English UK Blog: Supporting Ukrainians and refugees to get the English skills they need

CCN Blogs | 12 October 2022

One of the most fundamental requirements for new arrivals to the UK is to quickly learn enough language to not only survive but thrive. The DfE’s recent announcement that for more than half of local authorities funding for Ukranian refugees is not ring-fenced is fantastic news for those authorities looking to offer language skills to new arrivals.

It is hard to play a part in the community without at least a basic command of English: children struggle in school and adults are cut off from information, find work and generally integrate into their new communities.

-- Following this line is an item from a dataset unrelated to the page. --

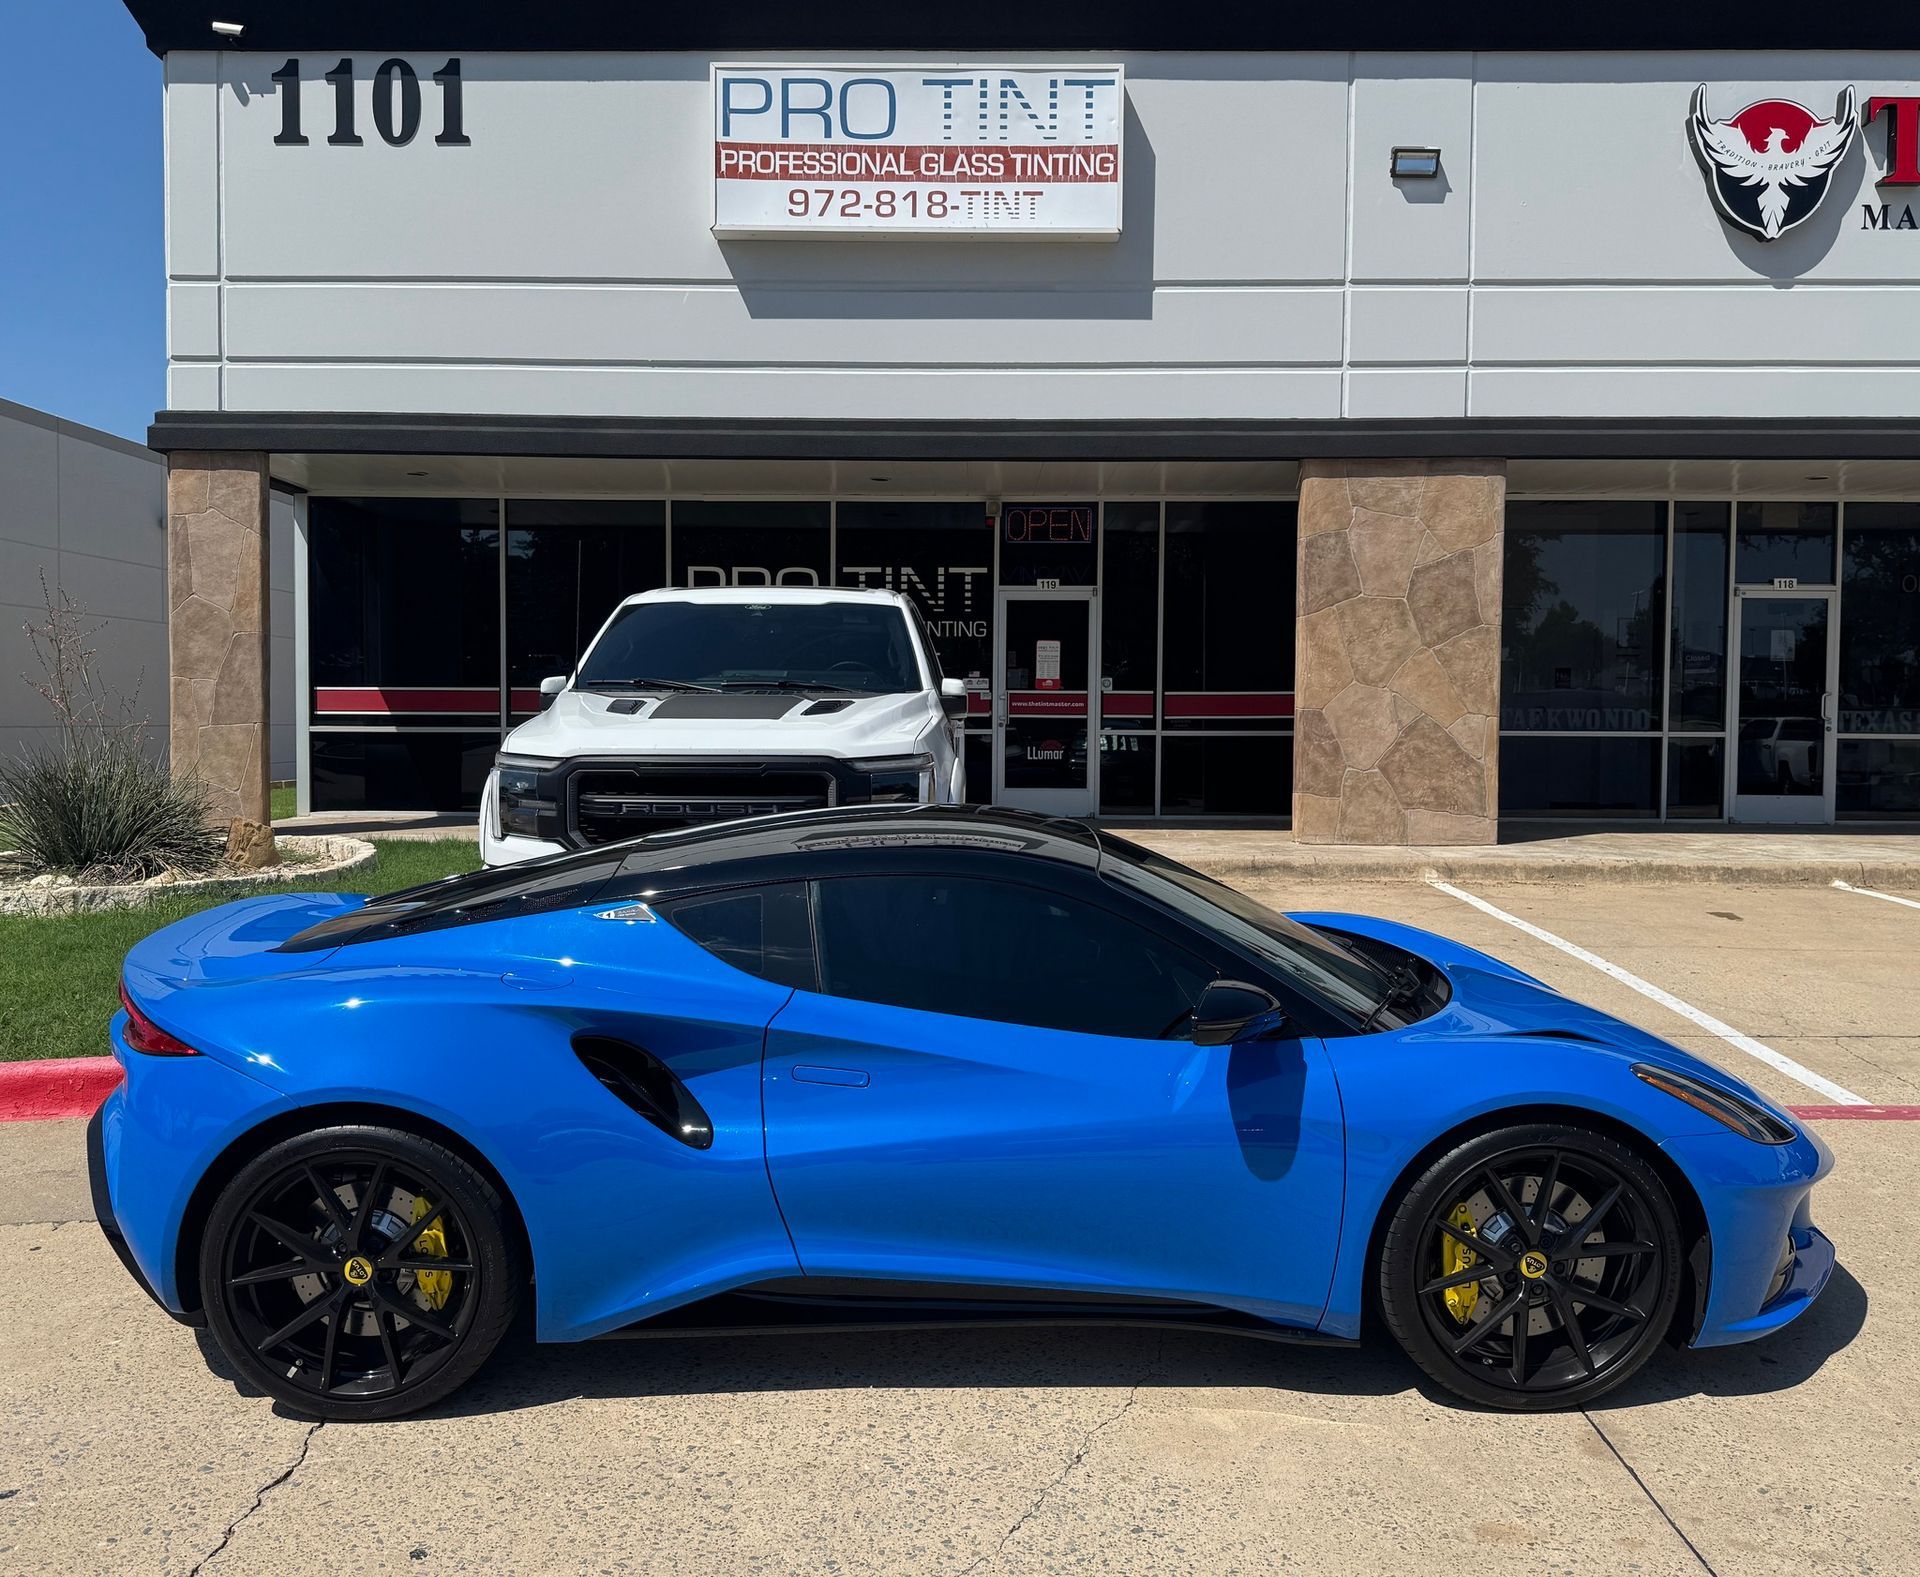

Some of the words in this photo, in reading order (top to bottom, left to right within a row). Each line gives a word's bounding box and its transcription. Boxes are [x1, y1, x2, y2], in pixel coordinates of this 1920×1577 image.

FE colleges funded to teach English as a second language not only have capacity challenges, but may some are not able to meet the specific needs of many refugees. For instance, the Ukrainian diaspora is predominantly women and children, plus older adults. Classes need to be flexible enough to meet varying needs around childcare, family learning, and previous achievement: for example Ukrainians educated before 1991 will have learned Russian but no English.

This means significant numbers of arrivals from Ukraine and refugees from Afghanistan, Syria and many other parts of the world are suffering delays in accessing the learning they need to help them integrate and use their skills in the UK.

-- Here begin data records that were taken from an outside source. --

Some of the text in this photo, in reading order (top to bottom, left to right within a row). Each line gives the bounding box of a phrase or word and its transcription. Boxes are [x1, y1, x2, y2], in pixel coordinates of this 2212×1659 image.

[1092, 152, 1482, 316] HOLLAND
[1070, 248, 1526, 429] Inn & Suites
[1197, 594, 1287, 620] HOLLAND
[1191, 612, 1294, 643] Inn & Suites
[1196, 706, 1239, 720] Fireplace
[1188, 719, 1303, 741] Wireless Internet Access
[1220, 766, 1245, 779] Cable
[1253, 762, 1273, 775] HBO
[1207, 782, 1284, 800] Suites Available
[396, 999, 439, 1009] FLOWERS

But in many parts of the UK, there is an unused resource: specialist English Language centres: English Language Teaching specialists whose job it is to support learners of all ages and backgrounds, from all over the world, and in the case of the members of English UK – the body I lead – they are accredited by the British Council.

We estimate that around a third of the UK’s English Language centres are already offering free places as part of a collaboration with the charity RefuAid. But to run dedicated classes they do need at the very least to cover costs – and those dedicated classes can be set up to meet the refugees’ specific needs, whether that’s classes dedicated to family learning, for older adults or around childcare requirements.

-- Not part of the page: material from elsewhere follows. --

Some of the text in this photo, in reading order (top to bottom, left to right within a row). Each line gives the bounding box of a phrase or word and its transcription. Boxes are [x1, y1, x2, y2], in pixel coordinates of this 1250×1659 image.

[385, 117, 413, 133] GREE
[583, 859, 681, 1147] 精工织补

Most centres have not made themselves known to local authorities because it was widely believed that in order to offer ESOL (English for Speakers of Other Languages) teaching in this way they needed to have costly Skills and Funding Agency registration and bid for the work.

However, the Department for Education’s dedicated Ukrainian team have announced that 60% of English local authorities can spend the £10.5k funding per head as they choose: it is not ring-fenced. These authorities include the GLA and Mayoral Combined Authorities.

For the other local authorities, guidance does specify ESOL provision but not a provider type. Any English Language Teaching centres which are registered as Adult Education Budget providers – as well as those who aren’t – are eligible to support refugees’ learning in this context.

Outside England, the funding is fully devolved. In Wales, the ReAct+ scheme which makes ESOL available to unemployed people can also be accessed by refugees, a simple solution.

Confirmation from the DfE that many authorities need not jump through bureaucratic hoops if they wish to work with English Language centres is great news for refugees and for the sector: I would encourage any councillors to find out whether their authority is included within this.

English Language centres stand ready to help Ukrainian refugees and I hope that working with local authorities we can play our part to support families fleeing war, and help them to integrate into our communities and rebuild their shattered lives.